A year after a Gibsons performance venue went public about its struggle to keep the lights on, the future looks brighter thanks to a surge of community support. 

The High Beam Dreams facility was created five years ago when Vineet Miglani and Nidhi Kamboj purchased the former Gibsons United Church building on Glassford Road. In 2020, the couple’s desire to produce live performances was mothballed by the COVID-19 pandemic. Without regular shows, revenues fizzled while maintenance costs held steady. 

Last spring, the couple returned from a long-awaited trip to India to learn that their application for arts funding from a provincial government agency was rejected. The ambiguous rejection letter made it seem like a subsequent request would also be denied.  

It was. 

“If a venue like ours is putting heart and soul into bringing live music and supporting live music, I think it is very important for a jury or any organization to look further into it,” said Miglani. “I’m not saying that the others shouldn’t be approved. Getting rejected twice for reasons which are not very detailed, it is heartbreaking.” 

In a March 2023 article in the Coast Reporter, Miglani and Kamboj described the future in stark terms: a possible end to live concerts at the 150-seat venue. 

Almost immediately, community members stepped up.
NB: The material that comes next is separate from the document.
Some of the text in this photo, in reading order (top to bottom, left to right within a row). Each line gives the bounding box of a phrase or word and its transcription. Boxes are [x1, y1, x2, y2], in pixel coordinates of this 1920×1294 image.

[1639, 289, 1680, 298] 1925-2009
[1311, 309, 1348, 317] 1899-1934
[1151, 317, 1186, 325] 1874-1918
At first it was a trickle: a handful of neighbours volunteered their support. Out of the blue, a retiree sent a donation for $500. 
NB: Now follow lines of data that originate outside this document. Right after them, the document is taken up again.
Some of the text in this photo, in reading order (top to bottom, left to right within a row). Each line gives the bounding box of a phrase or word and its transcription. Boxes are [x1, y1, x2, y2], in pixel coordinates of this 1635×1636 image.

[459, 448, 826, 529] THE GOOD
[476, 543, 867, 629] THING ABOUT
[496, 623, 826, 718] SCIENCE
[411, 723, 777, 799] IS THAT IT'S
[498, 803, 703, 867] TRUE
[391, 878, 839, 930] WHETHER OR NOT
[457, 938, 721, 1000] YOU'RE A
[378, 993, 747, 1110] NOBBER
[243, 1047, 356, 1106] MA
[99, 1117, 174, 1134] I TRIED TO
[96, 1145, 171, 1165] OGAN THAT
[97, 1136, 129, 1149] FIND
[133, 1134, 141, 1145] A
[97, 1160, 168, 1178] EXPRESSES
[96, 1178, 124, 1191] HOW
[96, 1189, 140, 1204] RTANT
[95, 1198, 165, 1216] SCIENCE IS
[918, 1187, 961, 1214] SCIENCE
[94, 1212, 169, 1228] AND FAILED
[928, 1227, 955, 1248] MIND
“She pushed us for the whole next week to accept that money,” recalled Miglani. “And then she sent another $500 after a month and said, ‘I want to support you guys.’” 

The trickle turned into a flood. More than a dozen Sunshine Coast residents began holding fortnightly meetings under the informal banner of Friends of High Beam Dreams. 

“High Beam Dreams is a one-of-a-kind concert venue on the Coast, showcasing three key features: a quality venue, top-notch technology, and passionate and industrious hosts,” said John Leech, who coordinated the first gatherings. “The technology is state-of-the-art, with excellent sound and lighting. And the people, wow, the people. Vineet and Nidhi are warm, engaging, super eager to serve and provide a rich experience.” 

Members of the Friends donated sponsorship money. They considered instituting a system where sponsors would receive an allotment of free tickets but decided instead to purchase groups of tickets above and beyond their financial contributions. They collaborated on marketing initiatives and spread the word about upcoming shows through personal networks. 

“At a time when artists are struggling with receiving pittance from streaming services, they need live music venues more than ever to stay relevant and in the spotlight,” said Barbara Beard, a member of Friends of High Beam Dreams. “Vineet and Nidhi deserve our support in their quest to promote live music and to keep the music live and alive.” 

The collective effort built momentum. The infusion of support enabled Miglani and Kamboj to maintain an ambitious calendar of cosmopolitan bookings. In March alone, the venue hosted performances by the classical Cuore trio from Poland, Australian songwriter Daniel Champagne, and sound journeyers Alcvin Ryūzen Ramos and Nori Akagi. Meanwhile, business at their onsite enterprises — the Brass Spoon Café and the Namaste Art handmade gift shop — is ticking up with the upswell in visitors. Private event bookings are multiplying. 

“We always want to be and we are focused on being diverse,” said Kamboj. “We always want it to be a diverse venue, supporting diversity. I think that is what drives all of this.” 

Newly installed video streaming equipment will also enable High Beam Dreams to broadcast shows like its recent musical showcase by Deborah Holland, Simon Paradis and Gary Comeau.  

“After all that happened last year, when the Friends of High Beam Dreams came together, it was like we couldn’t believe that we have such amazing supporters in this community,” added Kamboj. “It was made possible because this community appreciates and supports live music. The Sunshine Coast is full of musicians and artists, and that’s a reason why it’s a beautiful community.”